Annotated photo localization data
##############################
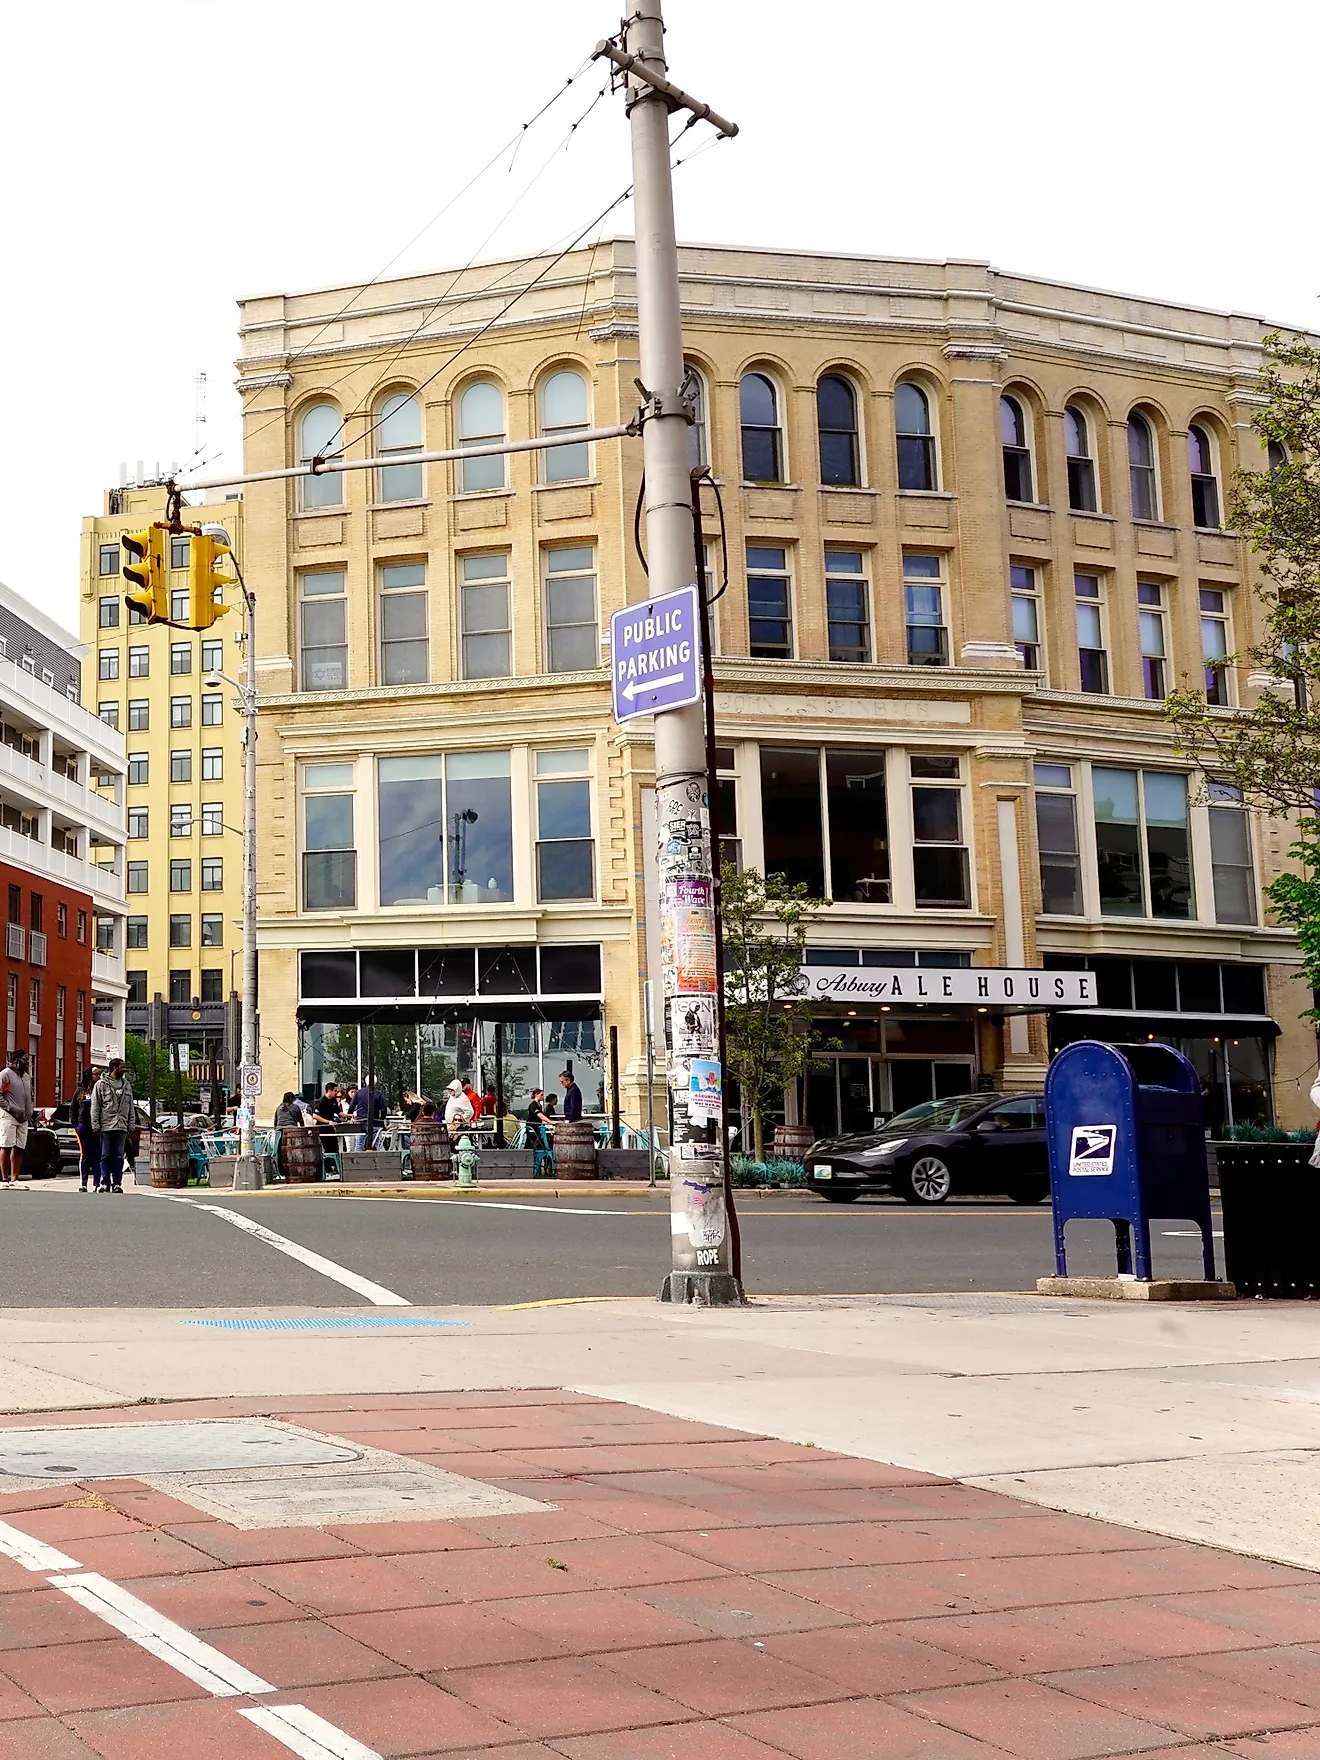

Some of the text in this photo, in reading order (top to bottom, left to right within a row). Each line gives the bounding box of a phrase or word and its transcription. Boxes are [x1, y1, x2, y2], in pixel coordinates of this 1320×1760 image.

[623, 609, 683, 648] PUBLIC
[618, 640, 691, 682] PARKING
[678, 885, 706, 896] Fourth
[682, 895, 706, 905] Wave
[816, 973, 1090, 999] Asbury ALE HOUSE
[696, 1248, 720, 1266] ROPE
##############################
What you will do → Exclude the images and reproduce the remaining data exactly.

Final answer →
Some of the text in this photo, in reading order (top to bottom, left to right within a row). Each line gives the bounding box of a phrase or word and its transcription. Boxes are [x1, y1, x2, y2], in pixel coordinates of this 1320×1760 image.

[623, 609, 683, 648] PUBLIC
[618, 640, 691, 682] PARKING
[678, 885, 706, 896] Fourth
[682, 895, 706, 905] Wave
[816, 973, 1090, 999] Asbury ALE HOUSE
[696, 1248, 720, 1266] ROPE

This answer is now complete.